***** Data for analysis *****

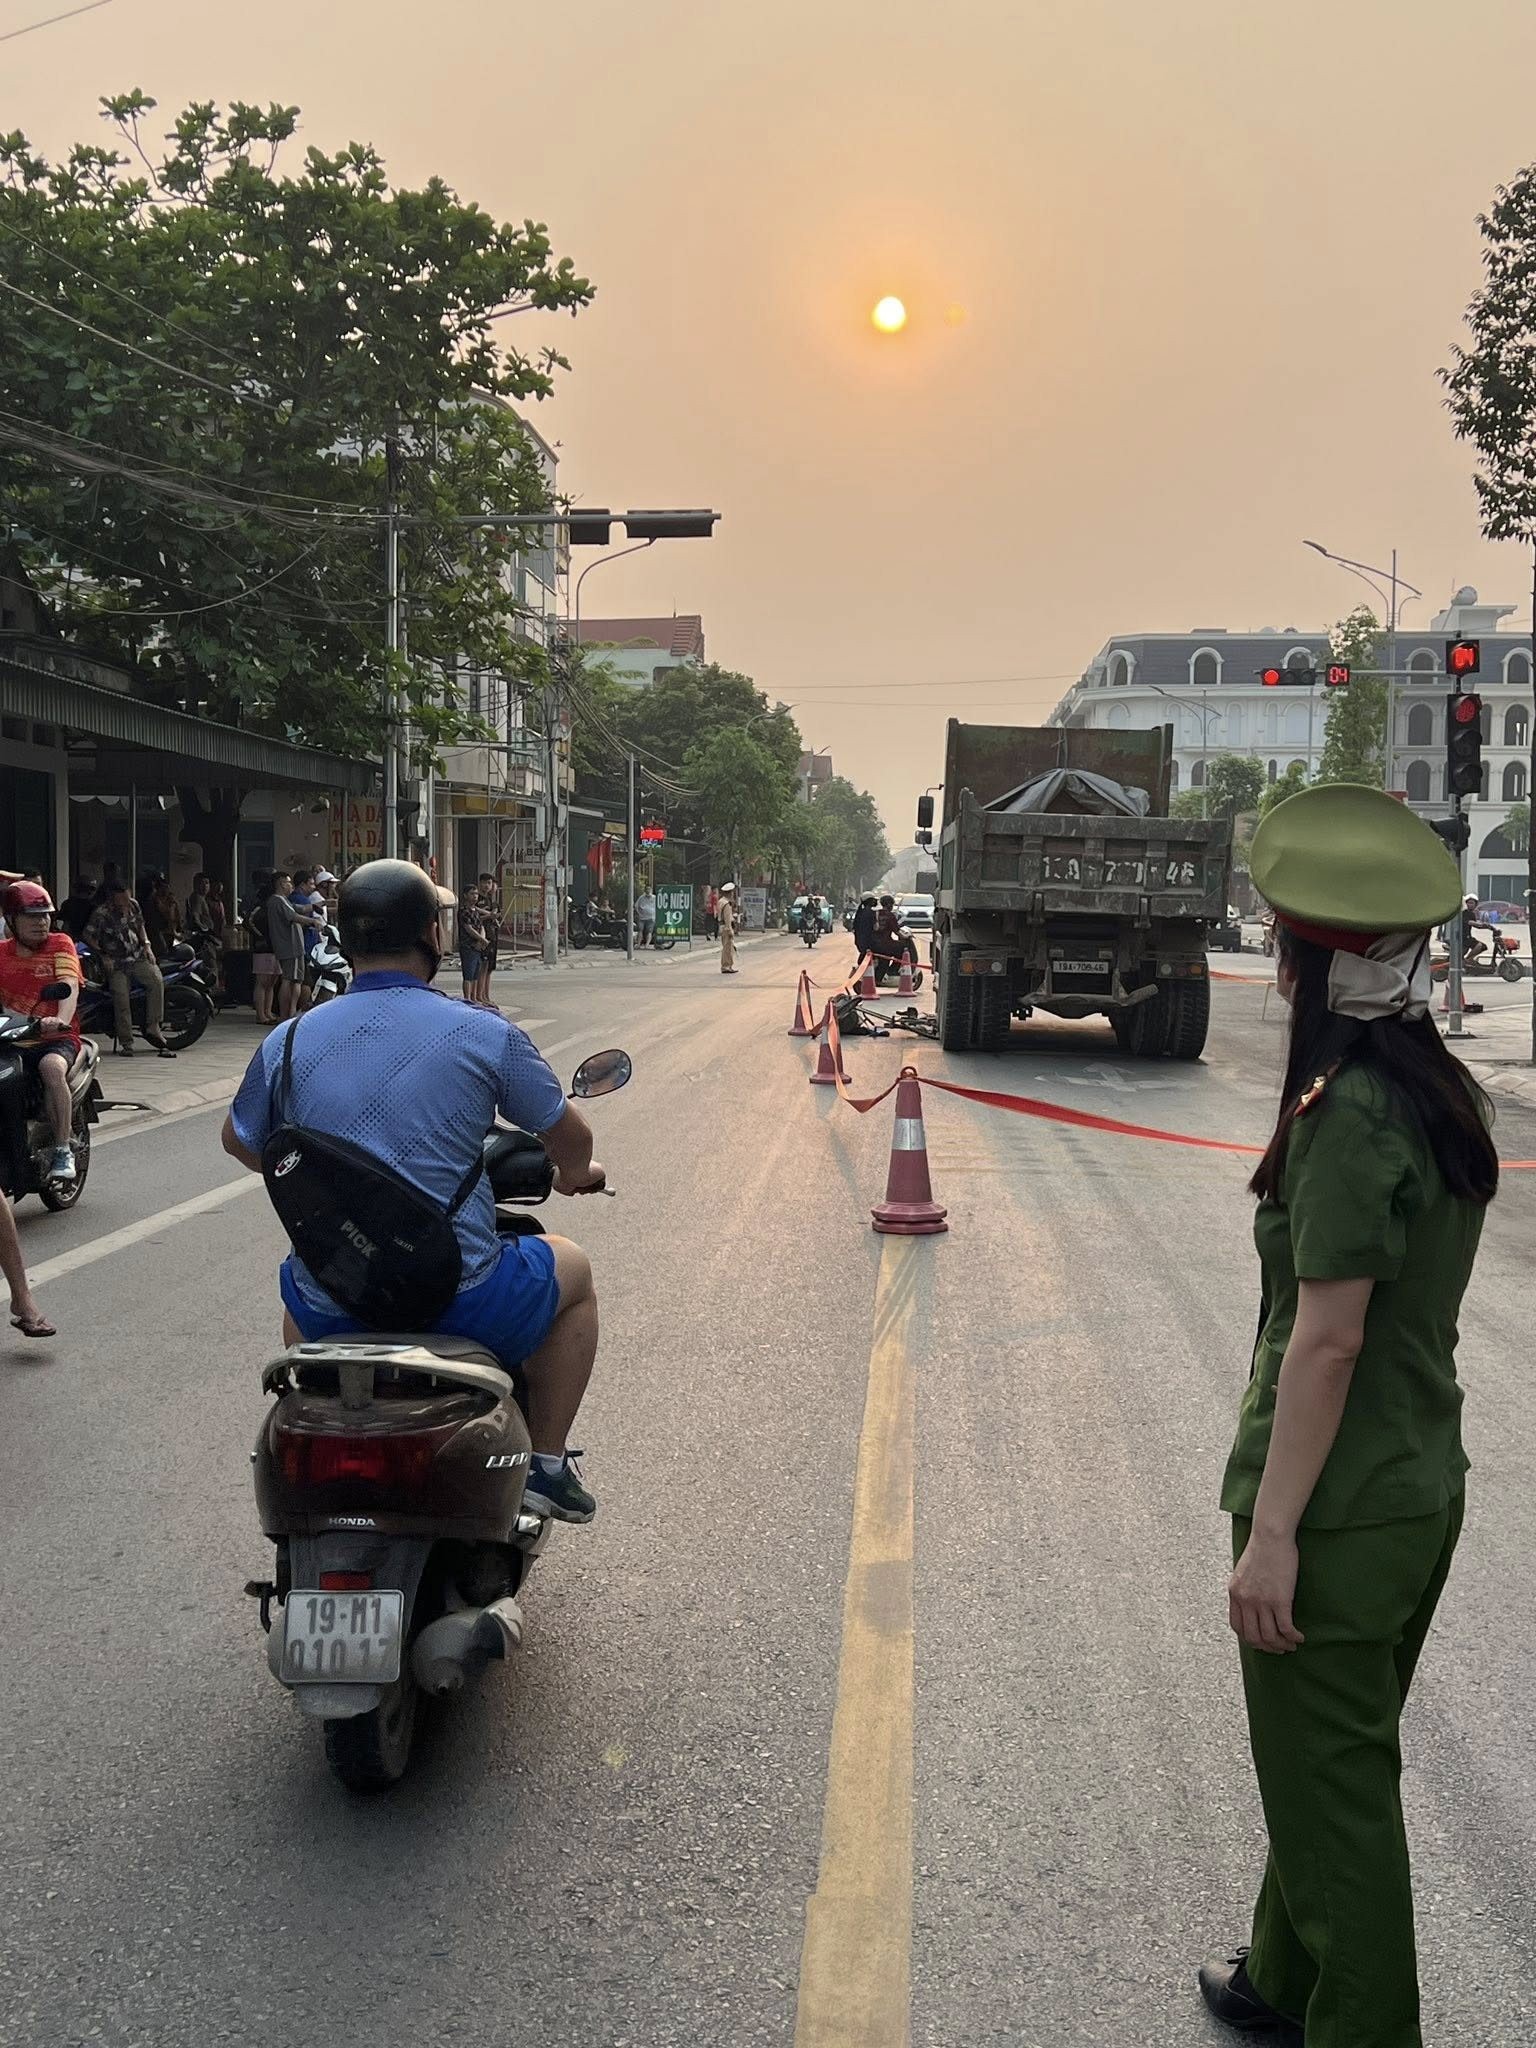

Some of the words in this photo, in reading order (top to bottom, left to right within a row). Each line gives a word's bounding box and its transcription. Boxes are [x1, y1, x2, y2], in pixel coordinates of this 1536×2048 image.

[1329, 666, 1347, 684] 04
[664, 910, 683, 926] 19
[485, 1452, 529, 1468] LEAD
[328, 1517, 376, 1526] HONDA
[306, 1597, 382, 1635] 19-M1
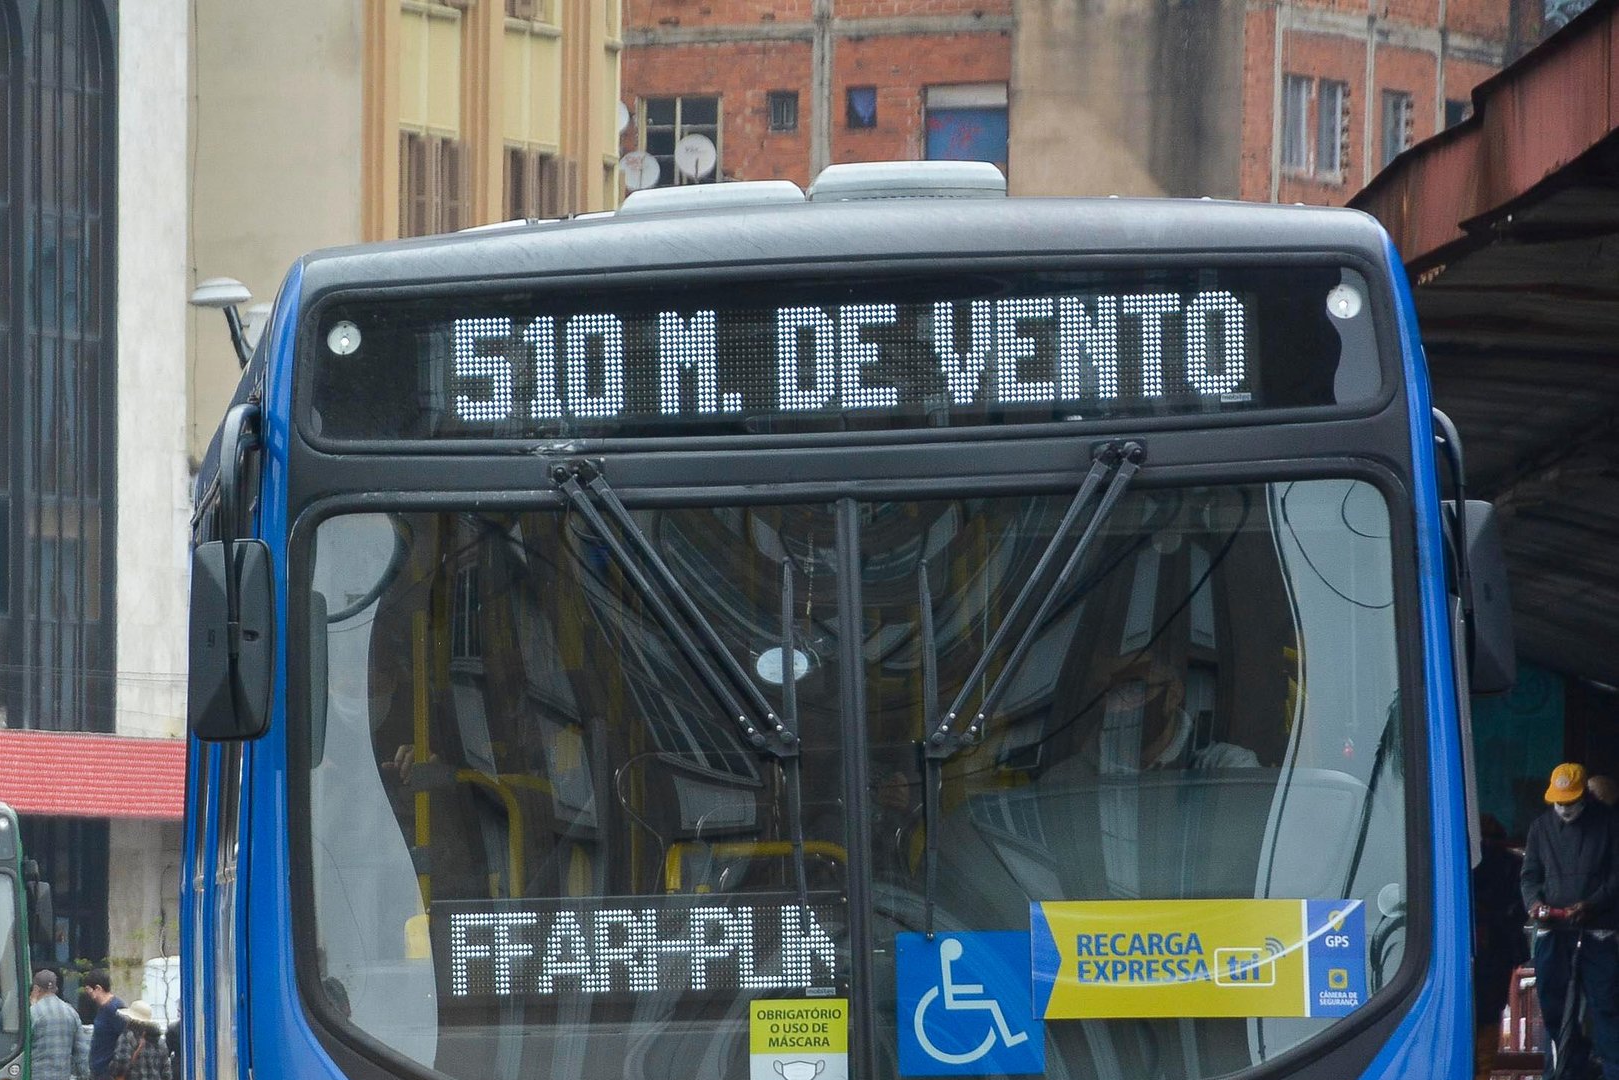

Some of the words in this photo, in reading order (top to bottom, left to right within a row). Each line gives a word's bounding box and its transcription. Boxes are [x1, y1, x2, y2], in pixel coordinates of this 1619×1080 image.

[455, 313, 624, 421] 510
[659, 310, 743, 414] M.
[778, 304, 899, 411] DE
[934, 290, 1246, 404] VENTO
[1076, 932, 1204, 957] RECARGA
[1325, 935, 1350, 948] GPS
[1077, 959, 1212, 984] EXPRESSA
[1227, 953, 1260, 981] tri
[1348, 991, 1358, 999] DE
[1319, 999, 1359, 1007] SEGURANÇA
[757, 1007, 842, 1020] OBRIGATÓRIO
[770, 1023, 780, 1034] O
[783, 1023, 809, 1034] USO
[812, 1022, 829, 1033] DE
[768, 1034, 830, 1047] MÁSCARA

*****

• [Task to carry out]: Find "this 1619×1080 image." in the material above; set down exactly the line holding it and every line after it, through the last, and no others.

• [Worked solution]:
Some of the words in this photo, in reading order (top to bottom, left to right within a row). Each line gives a word's bounding box and its transcription. Boxes are [x1, y1, x2, y2], in pixel coordinates of this 1619×1080 image.

[455, 313, 624, 421] 510
[659, 310, 743, 414] M.
[778, 304, 899, 411] DE
[934, 290, 1246, 404] VENTO
[1076, 932, 1204, 957] RECARGA
[1325, 935, 1350, 948] GPS
[1077, 959, 1212, 984] EXPRESSA
[1227, 953, 1260, 981] tri
[1348, 991, 1358, 999] DE
[1319, 999, 1359, 1007] SEGURANÇA
[757, 1007, 842, 1020] OBRIGATÓRIO
[770, 1023, 780, 1034] O
[783, 1023, 809, 1034] USO
[812, 1022, 829, 1033] DE
[768, 1034, 830, 1047] MÁSCARA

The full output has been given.